Gert, ever the thorn in her side, actually said to Anna’s daughters one day, in her old age, “Your mother thinks her shit doesn’t stink.” Anna was shocked by this, truly disgusted, horrified, to see so frankly revealed the pit of slime in which her sister’s mind swam. The irony was, in fact, that Anna’s bowels—all her life—were literally knotted in slime, an “irritable bowel,” the doctors told her (they always asked her if she was especially worried or tense about anything!). What she never told them was that her father had been fanatic about bowels all his life. He asked Anna and Gert daily if they’d had their bowel movements. Anna refused to discuss this with him. Therefore, because she wouldn’t answer him, he forced cod liver oil into her mouth—a disgusting, fishy, spoonful of poison! My God, Anna thought, now that life was all over for her, if only she had been able to live it like an angel: unsweaty, unfed, unboweled, unsexed.

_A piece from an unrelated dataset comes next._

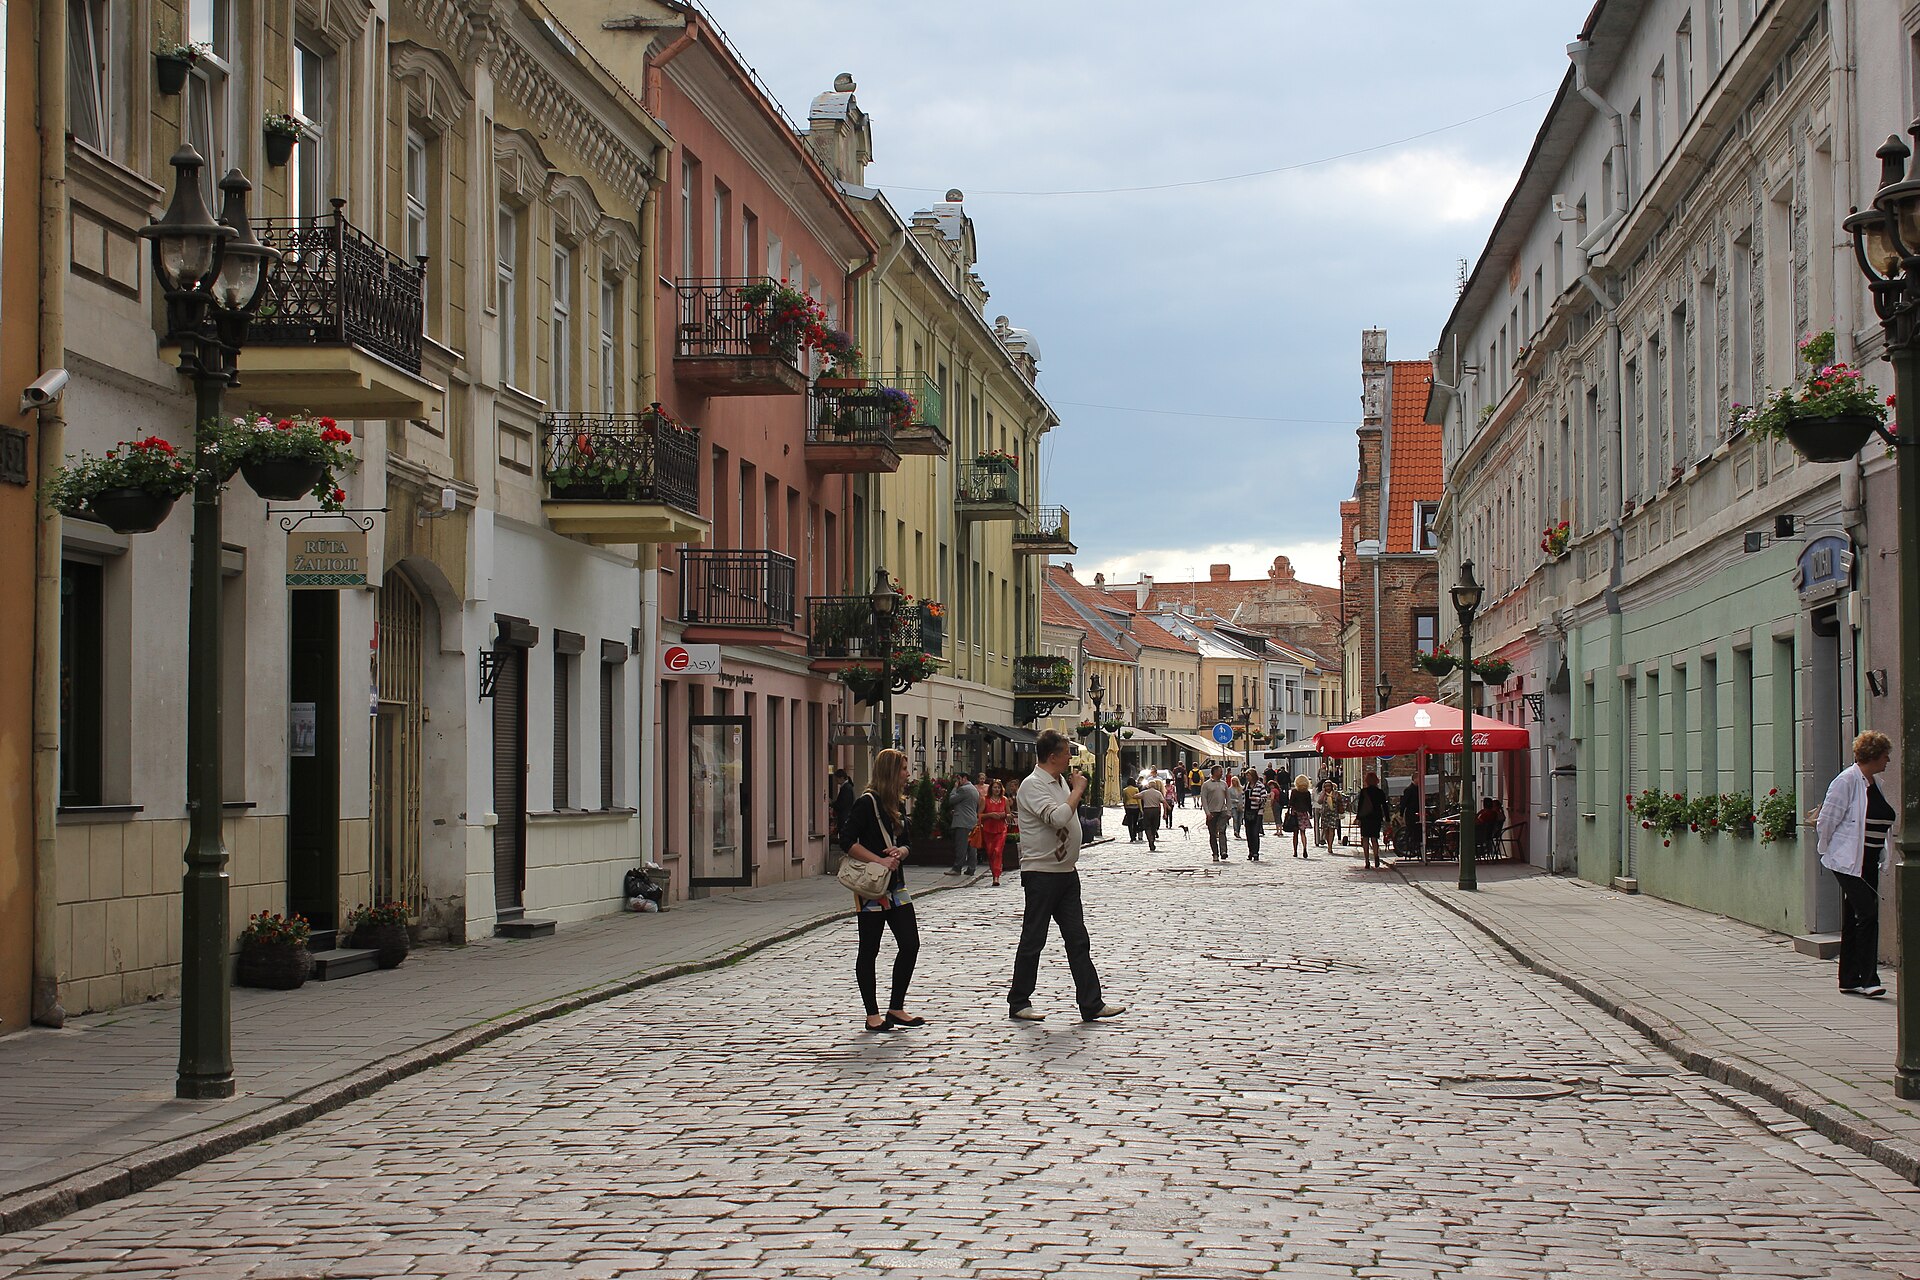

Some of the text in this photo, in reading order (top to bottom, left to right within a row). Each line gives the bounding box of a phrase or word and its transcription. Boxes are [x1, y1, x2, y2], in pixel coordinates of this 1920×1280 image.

[305, 539, 348, 553] RŪTA
[294, 555, 359, 571] ŽALIOJI
[1347, 735, 1387, 748] Coca-Cola
[1451, 732, 1490, 746] CocCola
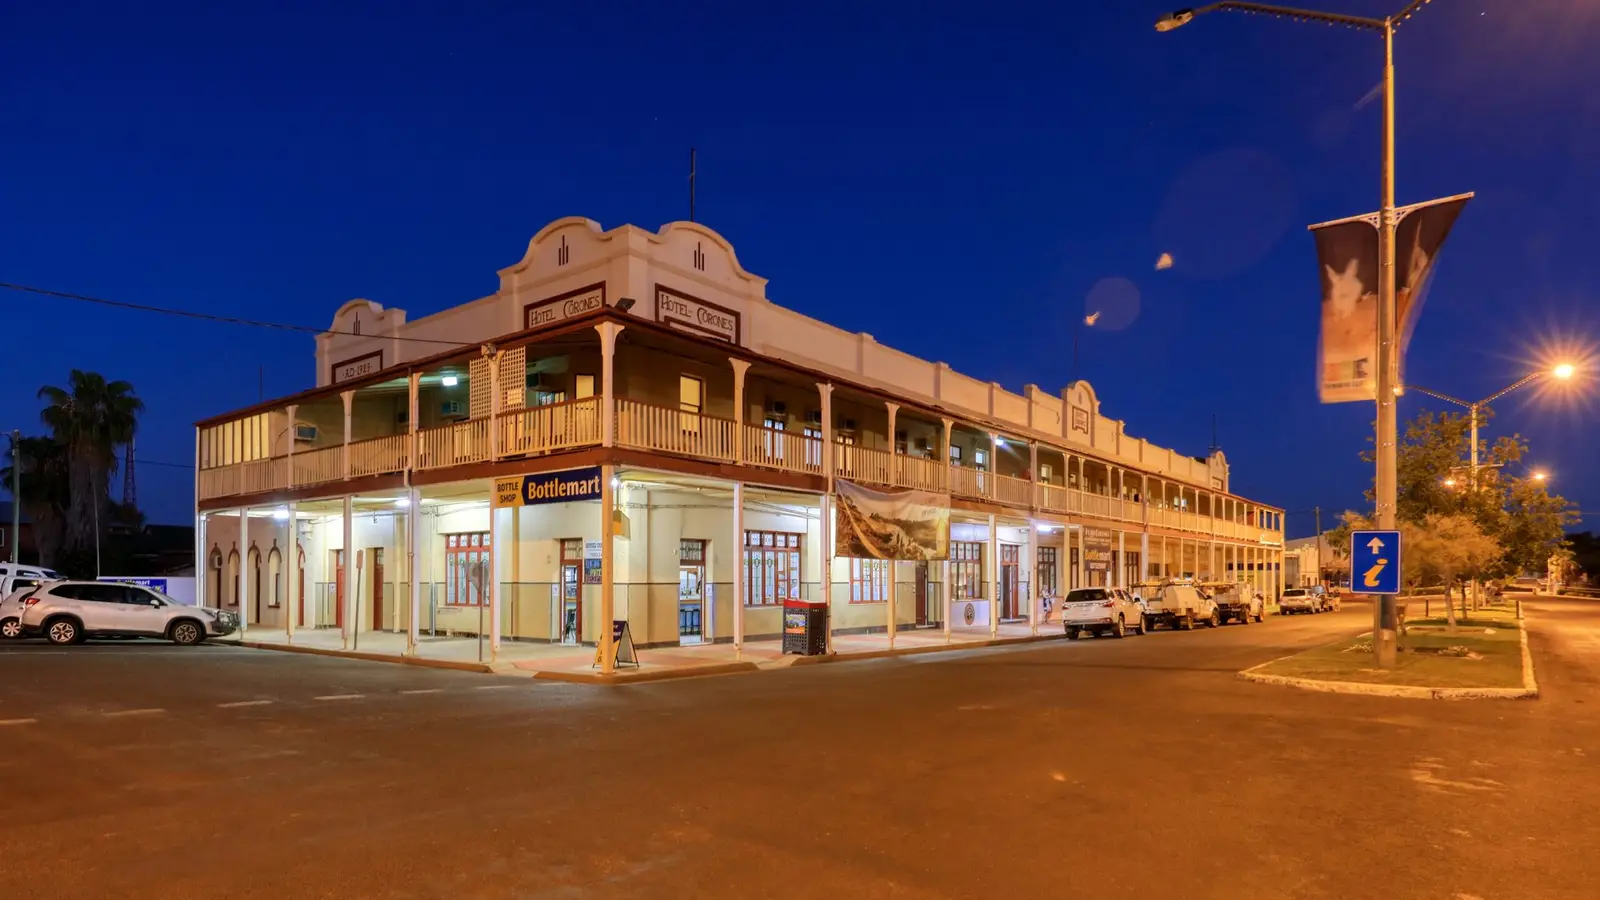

Soon after they got back to Brooklyn, soon after Abram installed dozens of claw machines in bars and dance halls and cigar stores in Brooklyn, Governor Dewey declared gambling machines illegal and ordered that they all be thrown in the East River.
Abram’s scheme to get rich and buy Anna the privacy she craved never came to pass. At least he did this one thing: when they moved back into the bedroom next to Mama’s in the house in Brooklyn, Abram screwed a lock and bolt on their bedroom door. Time and time again he tried to lead her into the desert of the mysteries. He whispered imaginary tales to her, he told her to pretend she was someone else, a fan dancer, a veiled beauty in a harem, he urged her to forget herself. He would be a sultan, she a belly dancer in his harem. He would be King Herod and she would be Salome. She would do the dance of the seven veils to delight him. But the bolt on the door never stopped Mama from knocking and asking for laundry, and though once or twice Anna tried to imagine herself Salome, and once or twice the mistress of Chopin, she never achieved the key to the secrets found in the desert of the mysteries.